Work instructions. Repeat each record exactly as written, and drop any images.
--------
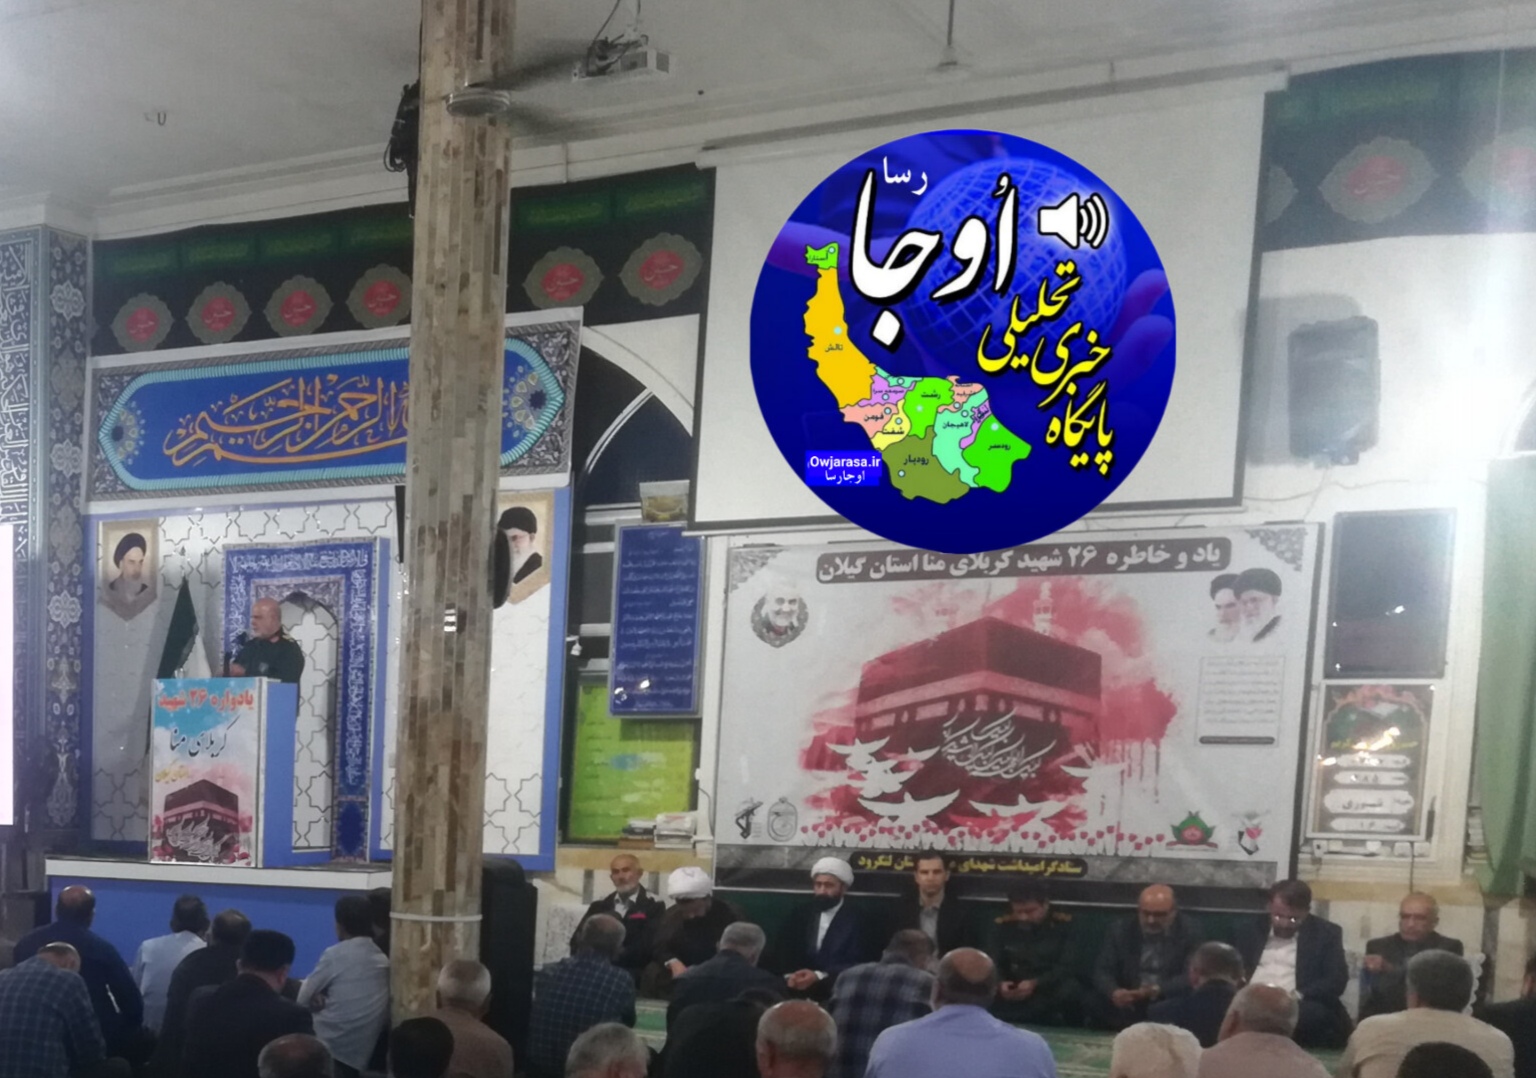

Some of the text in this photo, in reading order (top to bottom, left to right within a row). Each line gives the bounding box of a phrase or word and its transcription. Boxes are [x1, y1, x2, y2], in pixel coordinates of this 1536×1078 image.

[868, 553, 919, 580] استان
[922, 553, 946, 572] منا
[949, 550, 1014, 577] کربلای
[1017, 547, 1064, 574] شهید
[1067, 544, 1098, 568] ۲۶
[1106, 543, 1172, 571] خاطره
[1174, 551, 1188, 570] و
[1192, 541, 1221, 567] یاد
[157, 688, 255, 713] یادواره ۲۶ شهید
[169, 715, 241, 758] کربلای منا
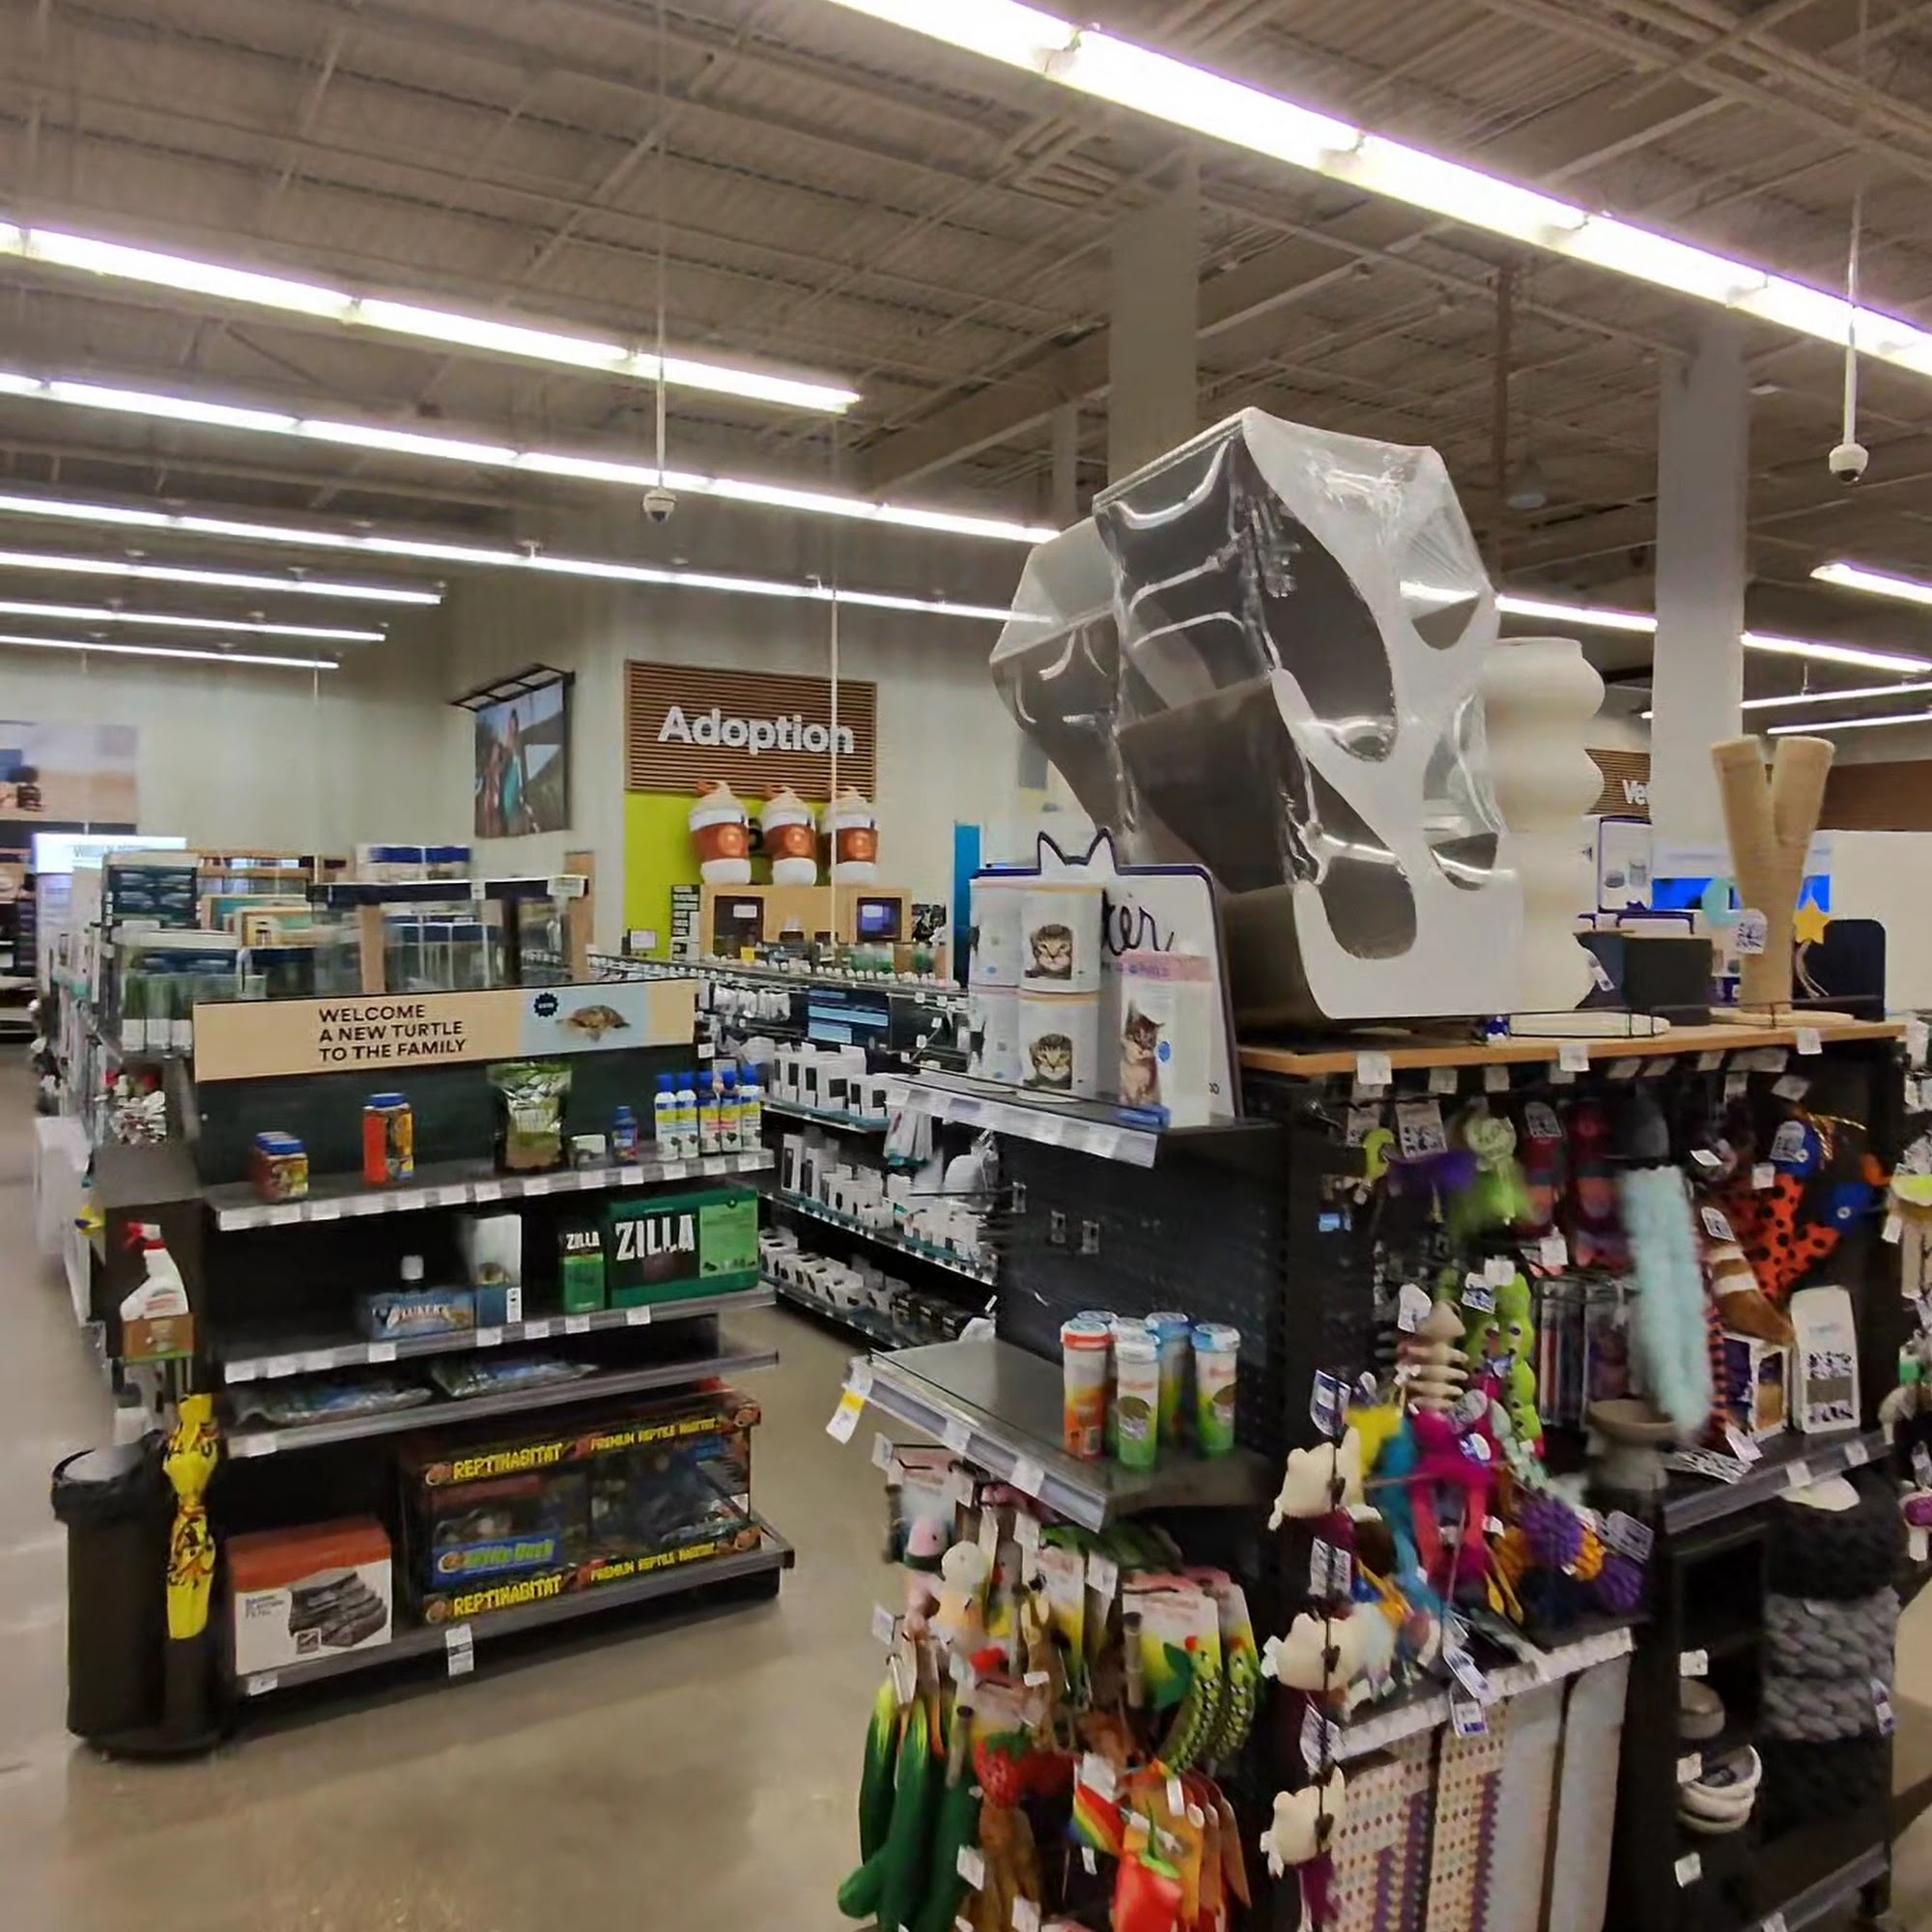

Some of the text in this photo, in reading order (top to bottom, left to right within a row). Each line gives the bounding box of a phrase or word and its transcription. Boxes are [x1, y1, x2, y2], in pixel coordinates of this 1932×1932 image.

[658, 706, 854, 755] Adoption
[319, 1005, 426, 1023] WELCOME
[319, 1021, 464, 1042] A NEW TURTLE
[319, 1038, 467, 1062] TO THE FAMILY
[566, 1232, 601, 1250] ZILLA
[614, 1214, 696, 1262] ZILLA
--------
Answer below.
Some of the text in this photo, in reading order (top to bottom, left to right within a row). Each line gives the bounding box of a phrase or word and its transcription. Boxes are [x1, y1, x2, y2], in pixel coordinates of this 1536×1078 image.

[868, 553, 919, 580] استان
[922, 553, 946, 572] منا
[949, 550, 1014, 577] کربلای
[1017, 547, 1064, 574] شهید
[1067, 544, 1098, 568] ۲۶
[1106, 543, 1172, 571] خاطره
[1174, 551, 1188, 570] و
[1192, 541, 1221, 567] یاد
[157, 688, 255, 713] یادواره ۲۶ شهید
[169, 715, 241, 758] کربلای منا

Some of the text in this photo, in reading order (top to bottom, left to right within a row). Each line gives the bounding box of a phrase or word and its transcription. Boxes are [x1, y1, x2, y2], in pixel coordinates of this 1932×1932 image.

[658, 706, 854, 755] Adoption
[319, 1005, 426, 1023] WELCOME
[319, 1021, 464, 1042] A NEW TURTLE
[319, 1038, 467, 1062] TO THE FAMILY
[566, 1232, 601, 1250] ZILLA
[614, 1214, 696, 1262] ZILLA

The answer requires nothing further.